• TASK PROMPT:
All records are to be transcribed in full; any pictures among them are to be skipped.

• EXERCISE MATERIAL:
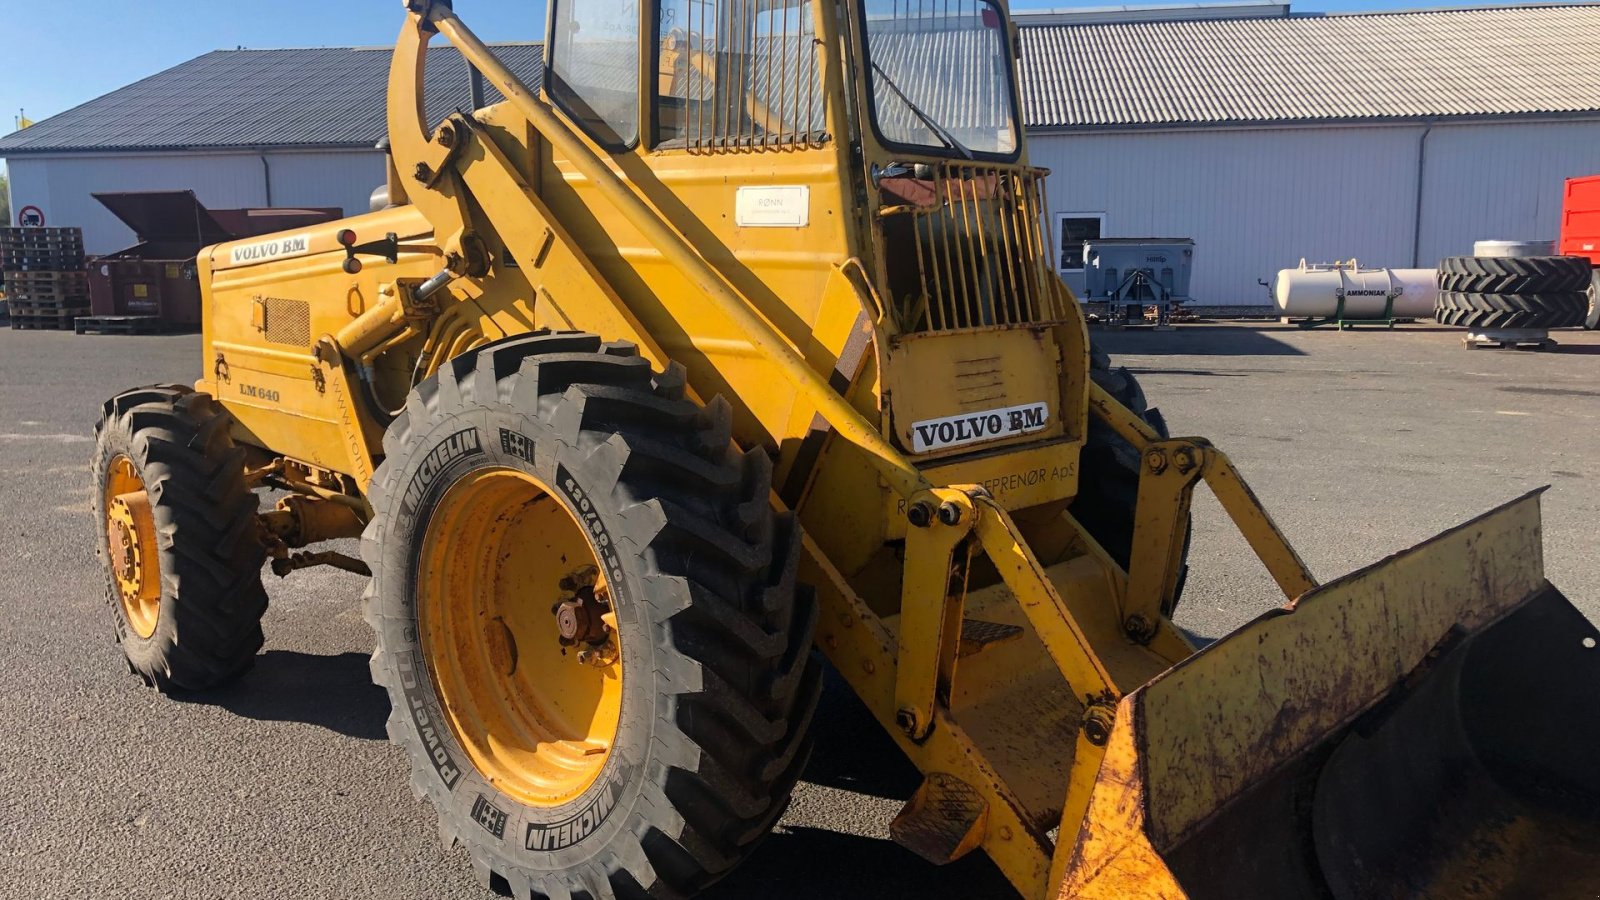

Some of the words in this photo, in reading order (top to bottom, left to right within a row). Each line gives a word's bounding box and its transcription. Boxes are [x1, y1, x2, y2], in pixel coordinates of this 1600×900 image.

[234, 242, 278, 261] VOLVO
[281, 238, 306, 254] BM
[1346, 289, 1386, 297] AMMONIAK
[239, 383, 257, 397] LM
[258, 387, 280, 402] 640
[915, 414, 1002, 447] VOLVO
[1007, 406, 1044, 432] BM
[403, 428, 477, 513] MICHELIN
[1050, 462, 1075, 481] ApS
[411, 696, 459, 785] Power
[527, 786, 616, 850] MICHELIN
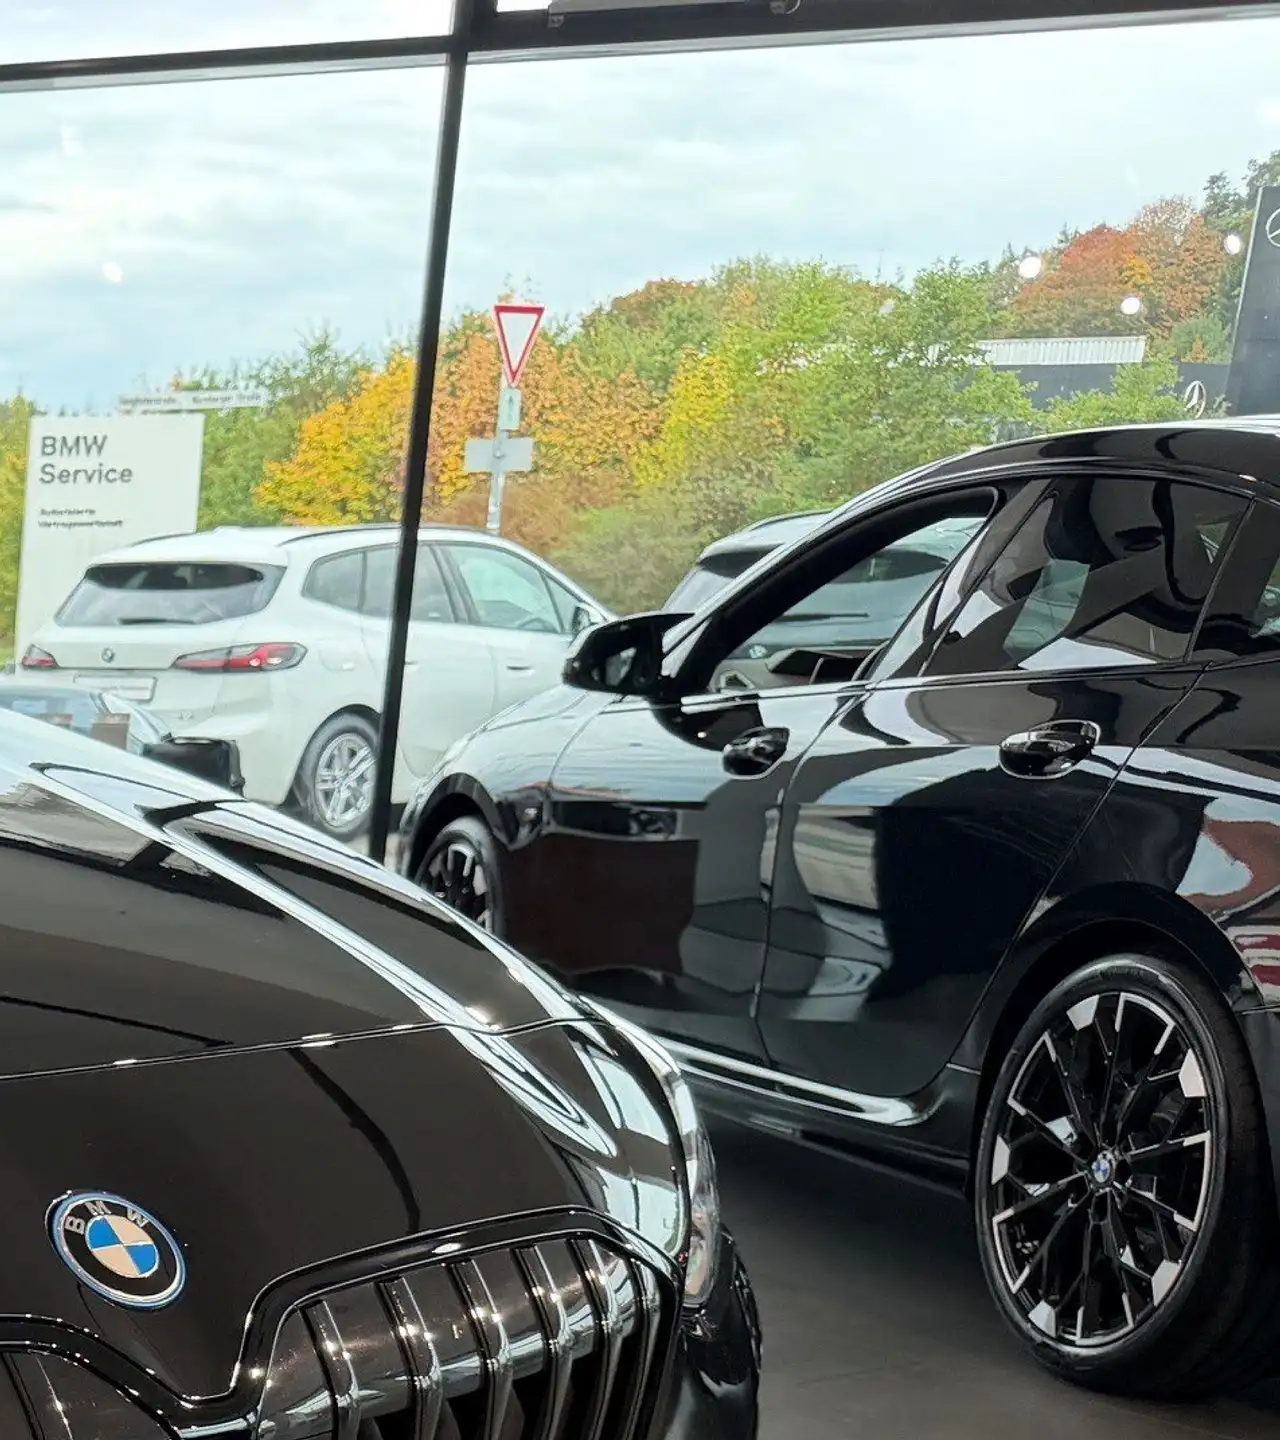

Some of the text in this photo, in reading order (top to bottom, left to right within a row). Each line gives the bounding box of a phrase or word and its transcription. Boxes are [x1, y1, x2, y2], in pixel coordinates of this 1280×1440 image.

• WRITTEN SOLUTION:
Some of the words in this photo, in reading order (top to bottom, left to right within a row). Each line gives a word's bounding box and its transcription. Boxes are [x1, y1, x2, y2], in pixel coordinates of this 1600×900 image.

[234, 242, 278, 261] VOLVO
[281, 238, 306, 254] BM
[1346, 289, 1386, 297] AMMONIAK
[239, 383, 257, 397] LM
[258, 387, 280, 402] 640
[915, 414, 1002, 447] VOLVO
[1007, 406, 1044, 432] BM
[403, 428, 477, 513] MICHELIN
[1050, 462, 1075, 481] ApS
[411, 696, 459, 785] Power
[527, 786, 616, 850] MICHELIN

Some of the text in this photo, in reading order (top to bottom, left to right within a row). Each line gives the bounding box of a phrase or word and its transcription. Boxes are [x1, y1, x2, y2], in pixel coordinates of this 1280×1440 image.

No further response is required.